Por: El Duende
Julio Acanda desde La Habana.
En el correo electrónico de El Duende recibimos hoy una nota del popular conductor de la televisión cubana Julio Acanda a propósito de una entrevista que le hiciera una emisora de Miami no con muy buenas intenciones porque en realidad la llamada telefónica era de Radio y TV Martí. Dice así la nota del colega Julio Acanda:
“Estimado señor Duende:
Hay toda una serie de especulaciones sobre una entrevista que ofrecí a un programa llamado "1800 On Line", que por cierto, descubrí ya en plena grabación que pertenecía a la programación de Radio Martí, (cuando me solicitaron poder entrevistarme pensé que con ese nombre de "on line" era una de las tantas emisoras de la internet) pero bueno ese descubrimiento tardío no es lo más importante. Me tildan ahora por allá por donde usted vive, de ser “espía de los Castro” por haber sido el primer periodista, al que llaman “oficialista”, en ofrecer declaraciones de mis ideas de la renovación del periodismo cubano después del Congreso, por hablar de Martí y su concepto de decencia que me inculcó mi padre, y por conversar serenamente con una emisora probadamente enemiga del país en que vivo.

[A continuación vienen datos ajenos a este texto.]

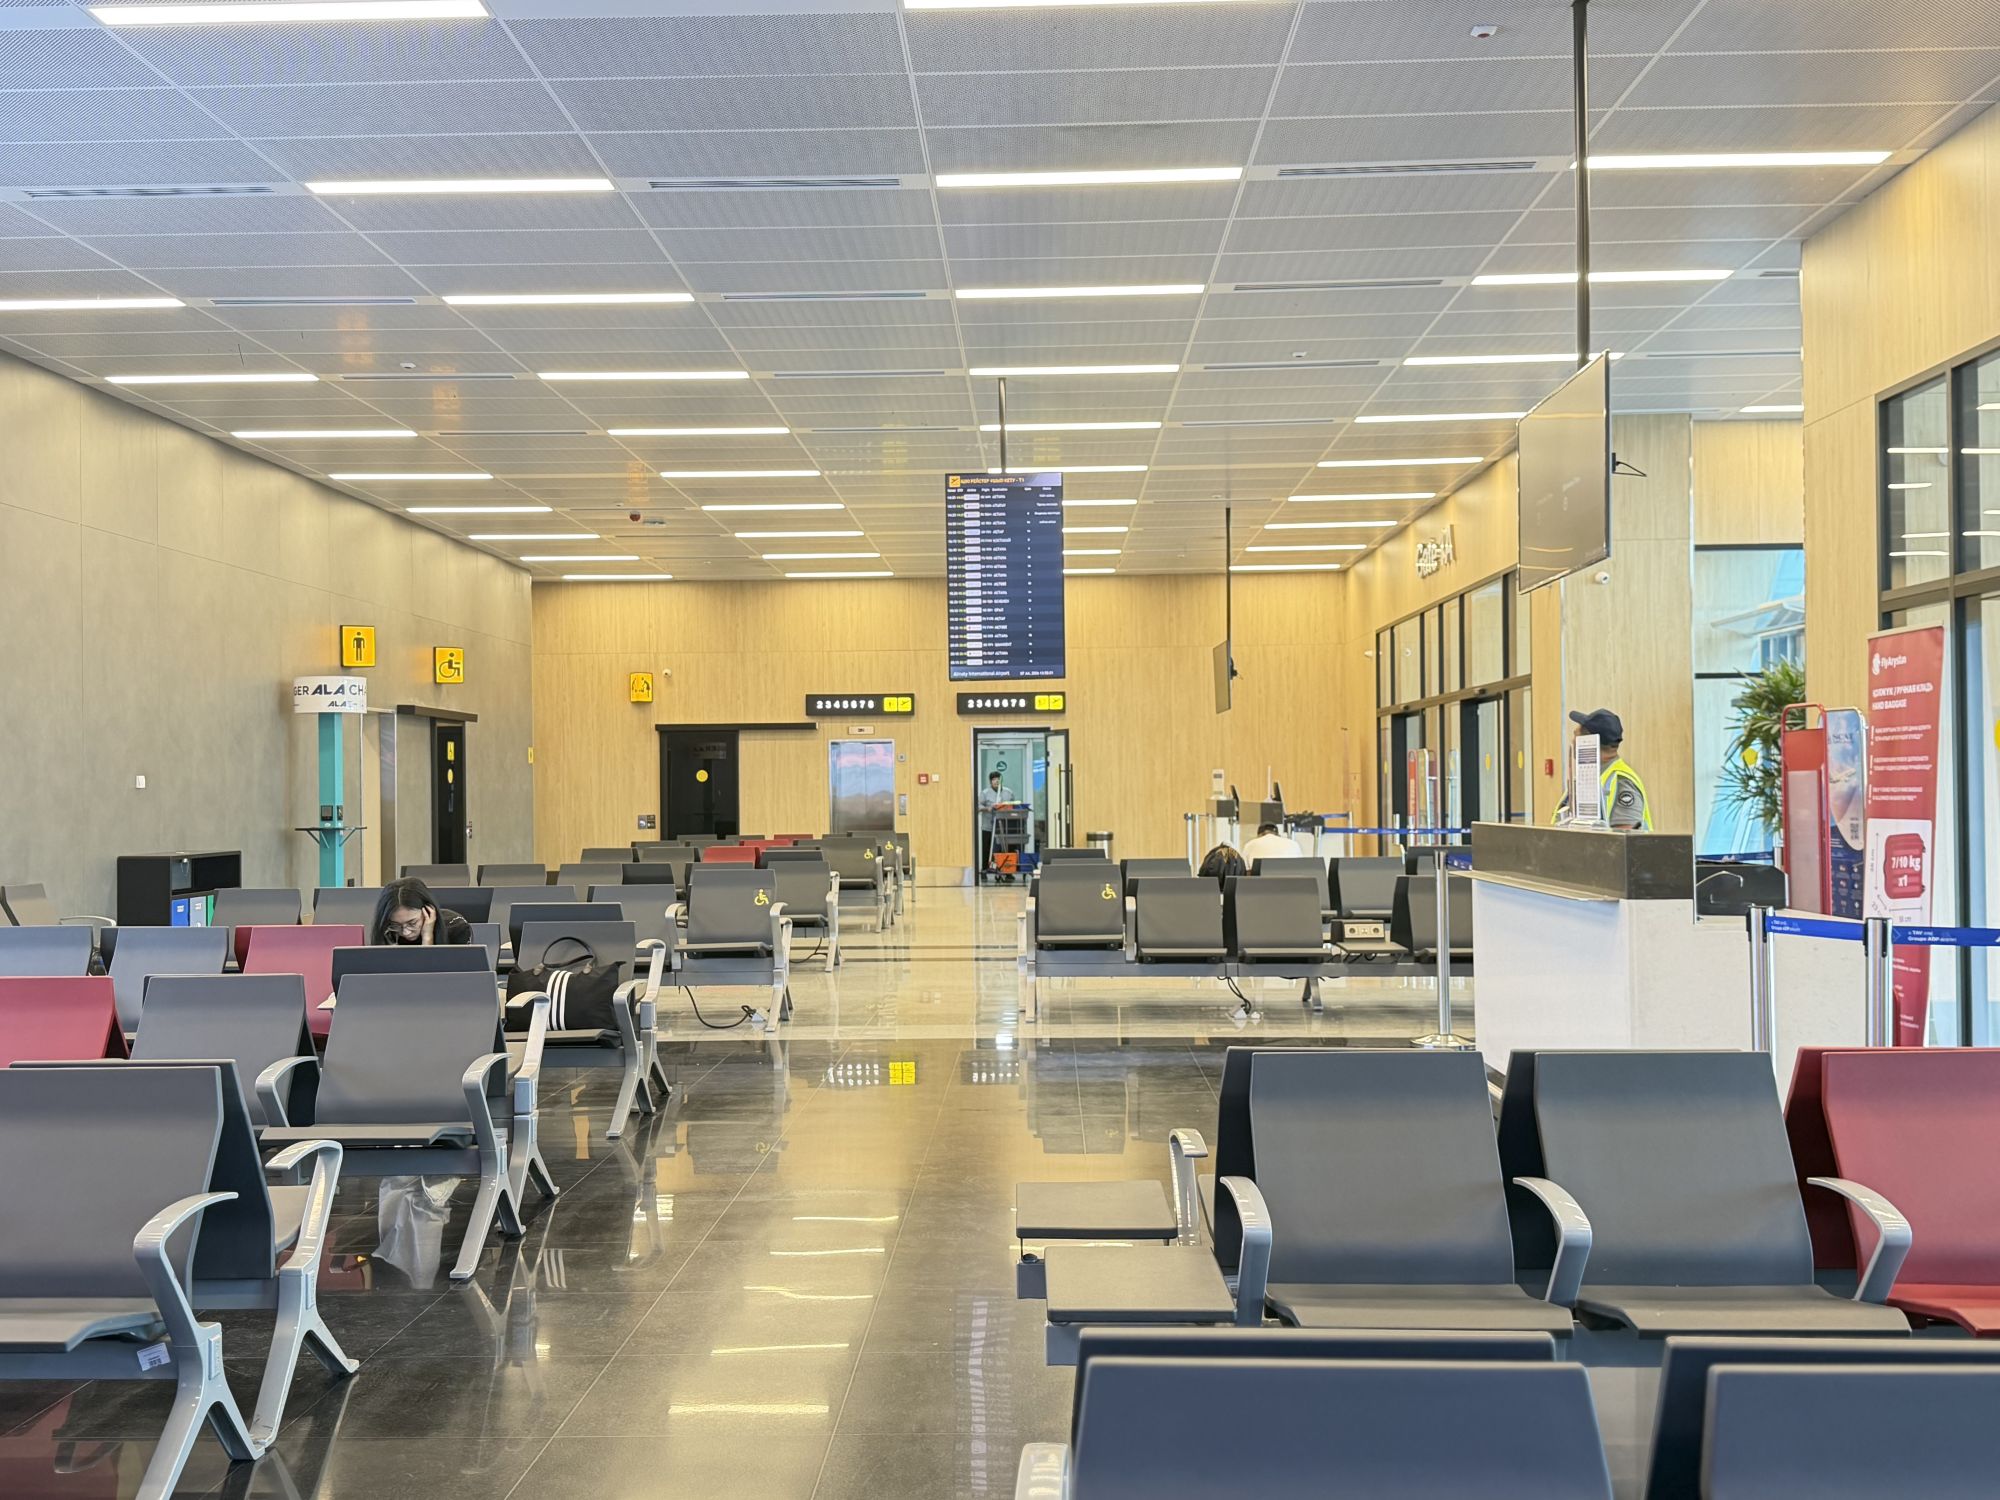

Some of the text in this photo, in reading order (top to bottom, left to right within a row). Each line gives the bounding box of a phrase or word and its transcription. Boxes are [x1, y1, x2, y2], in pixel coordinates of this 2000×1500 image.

[311, 684, 345, 695] ALA
[1891, 855, 1908, 869] 7/10
[1909, 854, 1921, 871] kg
[1898, 874, 1908, 887] x1

He leído comentarios en Internet que sugieren que Radio Martí esta suavizando su línea contra Cuba al dejar hablar a personas como yo, y que el gobierno norteamericano debía dejar de subsidiar la emisora. Otros van más lejos, realmente al absurdo de decir que son comunistas dentro de Radio Martí que planearon todo para que yo expusiera mis ideas que supuestamente alguien de la inteligencia cubana me había dictado. Incluso en uno de los blogs aparezco retratado y con un cartel que me presenta como un" peligroso agente" ya también infiltrado en los medios de comunicación que se emplean contra Cuba.
Nada más lejos de la verdad. Yo no solicité esa entrevista. Los que la hicieron tenían que saber que iba a decir lo que pienso, aún cuando no fuera la línea editorial de esa emisora. Conociendo mi trabajo de tantos años en Cuba y el mundo, debían estar conscientes que nunca he tenido "un agente de la inteligencia cubana" que dicte mis palabras. Sólo utilicé las mismas palabras que se usaron en el Congreso por el que estaban interesados, no me las ´"dictó ni autorizó" ningún agente, sólo me respaldó el consenso del propio Congreso de los periodistas de estar con nuestros argumentos en todos los escenarios, aún en los más complejos y agresivos como es el caso.
El Nuevo Herald ha sido más cauteloso. En una reciente visita a Miami, un colega que trabaja en ese periódico no quiso ni dirigirme la palabra sólo porque yo regresaba a Cuba. Algo similar sucedió con otro reportero de uno de los canales de televisión de la Florida que trasmiten contra Cuba. Por eso digo Sr. Duende que si los de Radio Martí no querían que dijera lo que dije, no me hubieran entrevistado y se hubieran ahorrado esas acusaciones que tienen ahora por dejar hablar a alguien, que como usted conoce, no confunde la conversación con la conciliación, aunque ambas palabras comiencen con Con.
Gracias Sr. Duende por honrarme con su amistad. Firmado: Julio Acanda".